How to complete this task: Output the complete listing exactly, please, and keep the pictures out of it.
*** Opening Given records ***
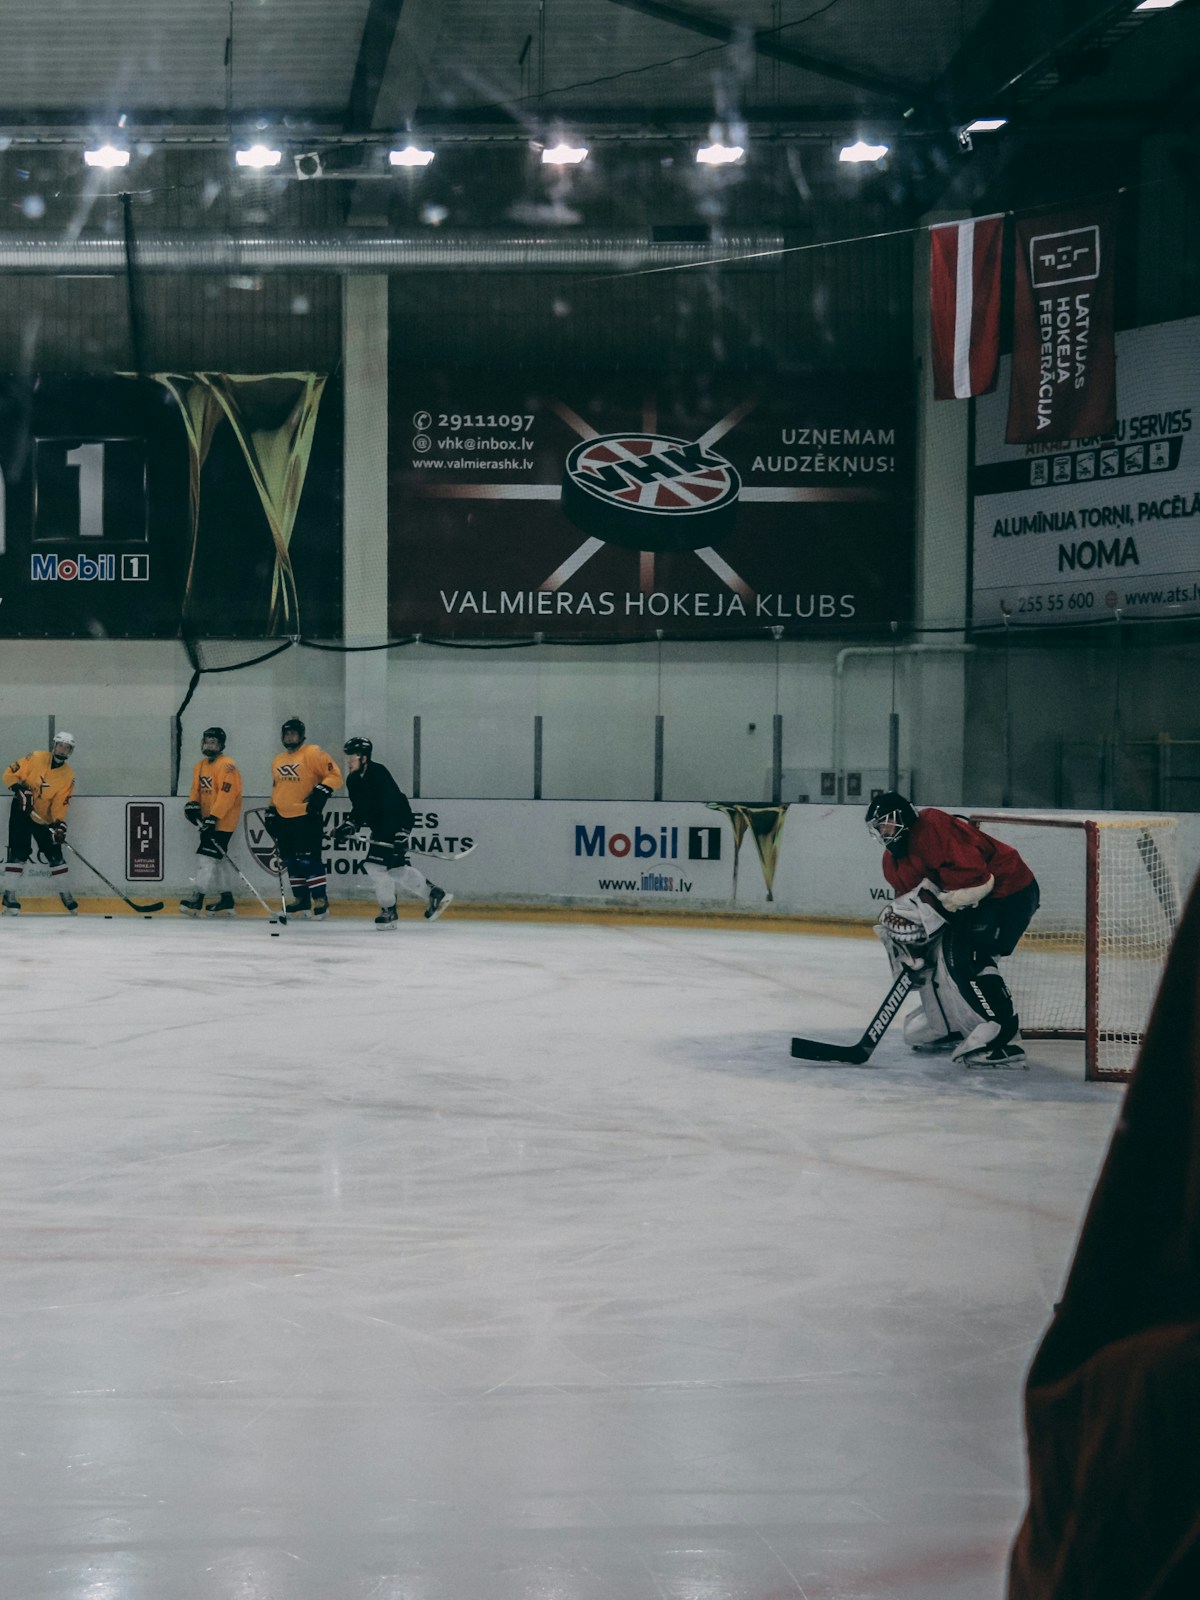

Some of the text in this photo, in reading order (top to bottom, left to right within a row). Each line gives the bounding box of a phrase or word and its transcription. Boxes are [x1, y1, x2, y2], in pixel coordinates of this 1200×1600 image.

[1056, 296, 1071, 384] HOKEJA
[1074, 293, 1090, 389] LATVIJAS
[1036, 299, 1055, 431] FEDERĀCIJA
[437, 413, 536, 432] 29111097
[1129, 408, 1192, 440] SERVISS
[437, 436, 535, 451] vhk@inbox.lv
[781, 428, 896, 450] UZŅEMAM
[412, 457, 534, 470] www.valmierashk.lv
[572, 442, 730, 493] VHK
[751, 452, 895, 477] AUDZĒKŅUS!
[66, 442, 105, 537] 1
[30, 553, 115, 581] Mobil
[1058, 537, 1139, 572] NOMA
[439, 589, 857, 618] VALMIERAS HOKEJA KLUBS
[1018, 592, 1095, 613] 255 55 600
[1125, 583, 1200, 605] www.ats.l
[575, 825, 678, 859] Mobil
[598, 871, 693, 893] www.inflekss.lv
[868, 972, 913, 1043] FRONTIER
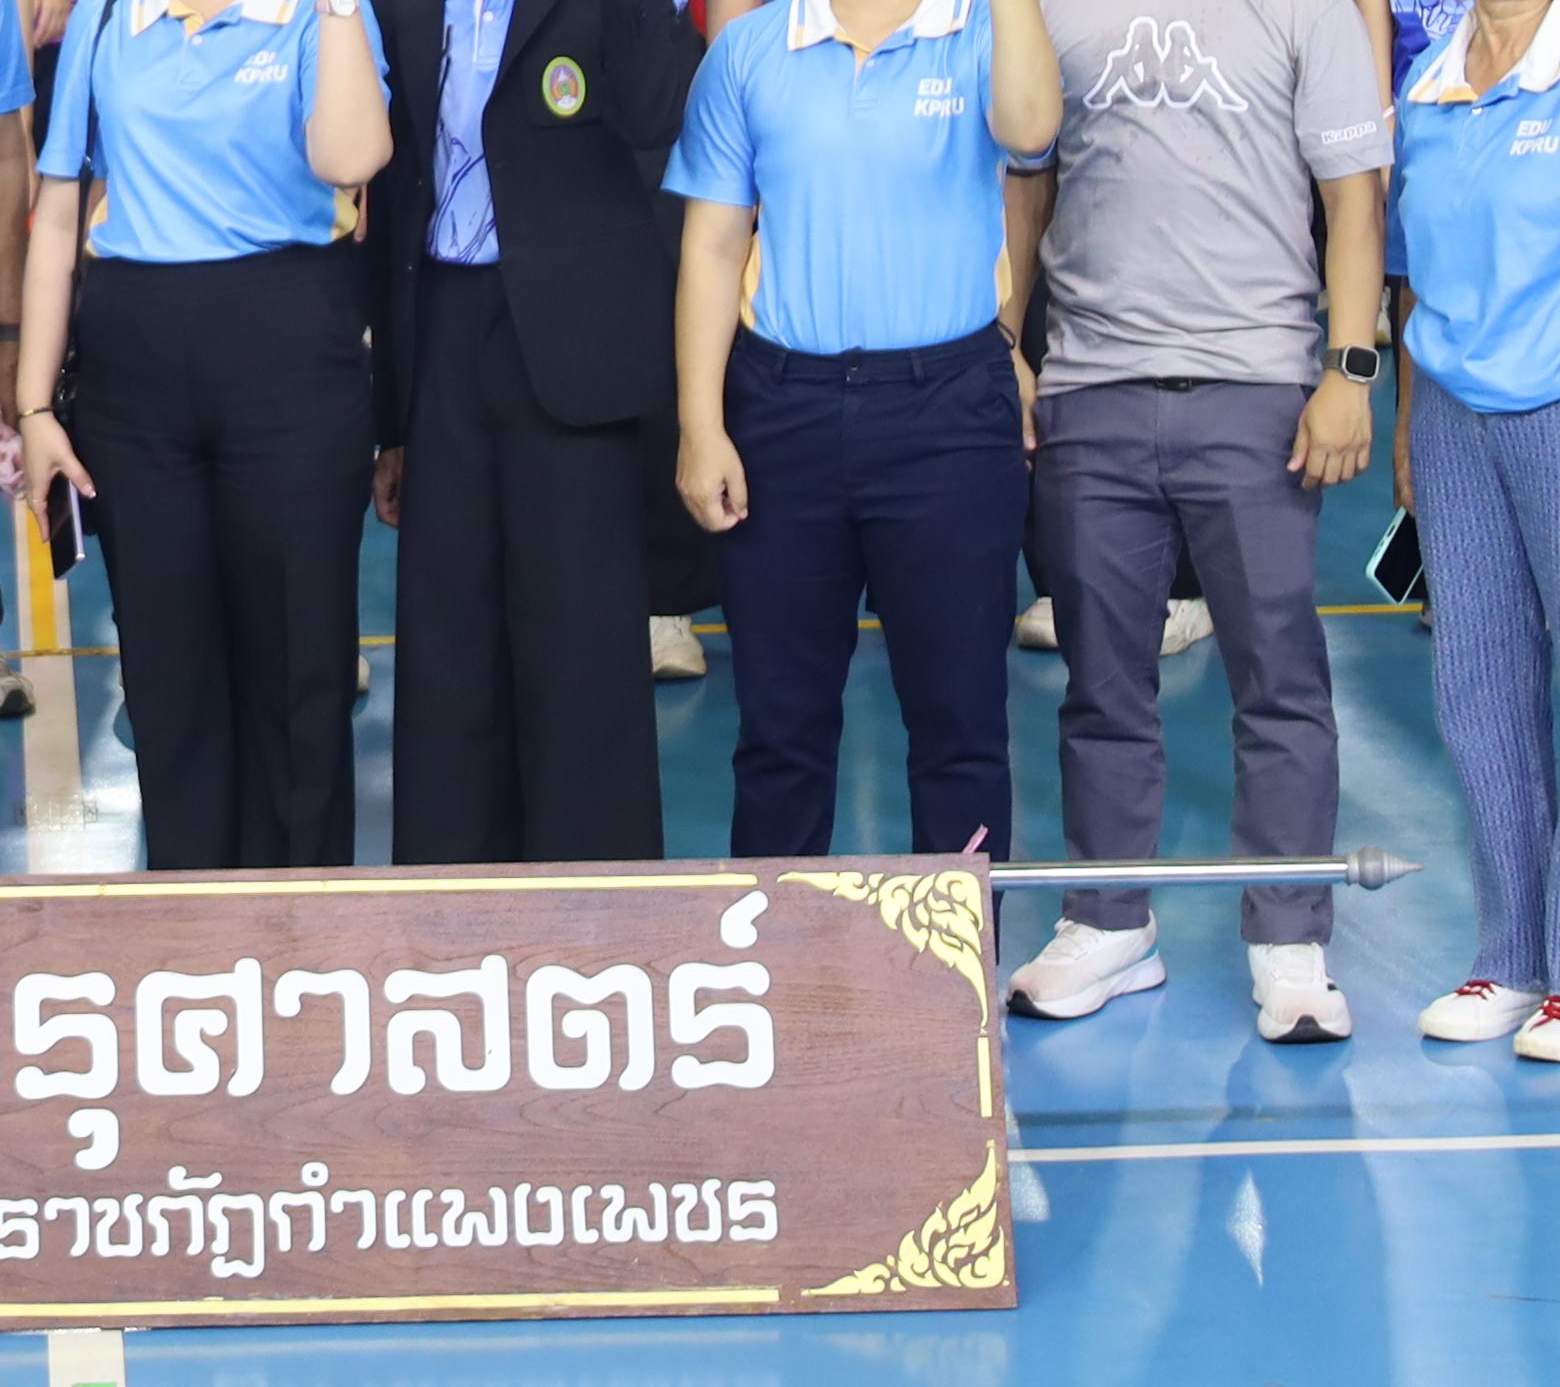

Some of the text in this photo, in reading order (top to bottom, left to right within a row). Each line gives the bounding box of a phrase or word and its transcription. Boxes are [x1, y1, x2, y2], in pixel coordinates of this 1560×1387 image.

[233, 64, 289, 85] KPRU
[913, 97, 965, 118] KPRU
[1509, 135, 1560, 156] KPRU
*** Closing Given records ***
Response to this exercise:
Some of the text in this photo, in reading order (top to bottom, left to right within a row). Each line gives the bounding box of a phrase or word and its transcription. Boxes are [x1, y1, x2, y2], in pixel coordinates of this 1200×1600 image.

[1056, 296, 1071, 384] HOKEJA
[1074, 293, 1090, 389] LATVIJAS
[1036, 299, 1055, 431] FEDERĀCIJA
[437, 413, 536, 432] 29111097
[1129, 408, 1192, 440] SERVISS
[437, 436, 535, 451] vhk@inbox.lv
[781, 428, 896, 450] UZŅEMAM
[412, 457, 534, 470] www.valmierashk.lv
[572, 442, 730, 493] VHK
[751, 452, 895, 477] AUDZĒKŅUS!
[66, 442, 105, 537] 1
[30, 553, 115, 581] Mobil
[1058, 537, 1139, 572] NOMA
[439, 589, 857, 618] VALMIERAS HOKEJA KLUBS
[1018, 592, 1095, 613] 255 55 600
[1125, 583, 1200, 605] www.ats.l
[575, 825, 678, 859] Mobil
[598, 871, 693, 893] www.inflekss.lv
[868, 972, 913, 1043] FRONTIER

Some of the text in this photo, in reading order (top to bottom, left to right within a row). Each line gives the bounding box of a phrase or word and its transcription. Boxes are [x1, y1, x2, y2], in pixel coordinates of this 1560×1387 image.

[233, 64, 289, 85] KPRU
[913, 97, 965, 118] KPRU
[1509, 135, 1560, 156] KPRU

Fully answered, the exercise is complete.